Similar comments were made in 2017 by a minister of the now-defunct New Centre Right party, who likened entering into a surrogacy arrangement to committing a sex crime.

READ ALSO: ‘Surrogacy is like a sex crime’: Italy minister

In early 2022, as leader of the Brothers of Italy party in opposition to Mario Draghi’s coalition government, Meloni put forward the same motion to make surrogacy a “universal crime”.

The text was adopted by the Justice Committee of the former legislature – a preliminary step before it can be debated in the lower house – last April, but did not go further at the time.

The crime of surrogacy in Italy is currently punishable with a prison sentence of over three years or a fine of between 600,000 and one million euros; penalties that the government is proposing to extend to all Italian citizens who engage in the practice, regardless of where it occurs.

Whether such a law would even be possible to pass or enforce is unclear, and legal experts have dismissed it as impractical. 

“There are no conditions that would justify an expansion of penal intervention of this type,” Marco Pelissero, a professor of criminal law at the University of Turin, told L’Espresso newspaper.

The idea of a universal crime “does not even exist in the legal language,” he said.

But the proposal has aroused fears that, if passed, the law could result in large numbers of same-sex parents whose children were born via surrogates being sent to prison.

“With this law we would be exposing families with young children to criminal law, quite simply criminalising procreative choices made abroad in countries where these practices are regulated,” Angelo Schillaci, a professor of Comparative Public Law at La Sapienza University, told the news site Fanpage.

‘We are aware of how hard this government is working to strip even the most basic rights from same-sex-parent families,” Alessia Crocini, head of the Rainbow Families organisation, said last week when it was first announced that Milan had been banned from registering the children of gay couples.

The move resulted in large-scale protests across the city on Saturday, and Milan Mayor Beppe Sala has pledged to fight the change.

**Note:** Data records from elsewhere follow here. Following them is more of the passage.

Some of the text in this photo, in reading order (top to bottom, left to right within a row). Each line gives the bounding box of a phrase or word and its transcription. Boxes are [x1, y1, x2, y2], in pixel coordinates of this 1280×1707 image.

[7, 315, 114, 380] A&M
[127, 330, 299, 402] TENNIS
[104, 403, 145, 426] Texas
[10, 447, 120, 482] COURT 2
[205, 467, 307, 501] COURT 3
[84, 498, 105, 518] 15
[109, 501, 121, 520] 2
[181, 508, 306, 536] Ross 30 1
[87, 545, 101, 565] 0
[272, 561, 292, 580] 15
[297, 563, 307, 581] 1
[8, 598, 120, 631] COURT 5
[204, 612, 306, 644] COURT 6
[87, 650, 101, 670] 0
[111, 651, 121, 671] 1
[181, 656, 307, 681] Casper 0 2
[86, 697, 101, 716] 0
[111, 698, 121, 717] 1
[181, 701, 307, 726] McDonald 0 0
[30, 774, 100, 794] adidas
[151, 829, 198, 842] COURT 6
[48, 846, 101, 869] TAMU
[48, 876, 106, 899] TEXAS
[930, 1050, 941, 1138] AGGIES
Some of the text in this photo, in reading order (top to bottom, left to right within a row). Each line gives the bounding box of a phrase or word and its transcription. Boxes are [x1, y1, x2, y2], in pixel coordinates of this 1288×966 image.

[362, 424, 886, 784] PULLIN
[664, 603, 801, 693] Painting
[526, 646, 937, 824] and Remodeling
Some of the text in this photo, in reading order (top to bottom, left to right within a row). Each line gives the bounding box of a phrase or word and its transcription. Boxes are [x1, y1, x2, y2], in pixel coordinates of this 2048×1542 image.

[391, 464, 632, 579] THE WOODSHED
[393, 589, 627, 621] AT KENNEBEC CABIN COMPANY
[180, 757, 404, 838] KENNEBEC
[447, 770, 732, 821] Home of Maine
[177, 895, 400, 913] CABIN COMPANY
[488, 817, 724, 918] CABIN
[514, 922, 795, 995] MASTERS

“It is an obvious step backwards from a political and social point of view,” he said in a recent podcast interview.

On Tuesday, European Justice Commissioner Didier Reynders commented that European Union member states are required by EU law to recognise the children of same-sex couples.

“In line with the LGBTIQ equality strategy for 2020-2025, the Commission is in continuous dialogue with Member States regarding the implementation of the judgments of the Court of Justice of the European Union.”

“This also includes the obligation for Member States to recognise” children “of same-sex parents, for the purpose of exercising the rights conferred by the EU”, Reynders reportedly said in response to question about the developments in Milan.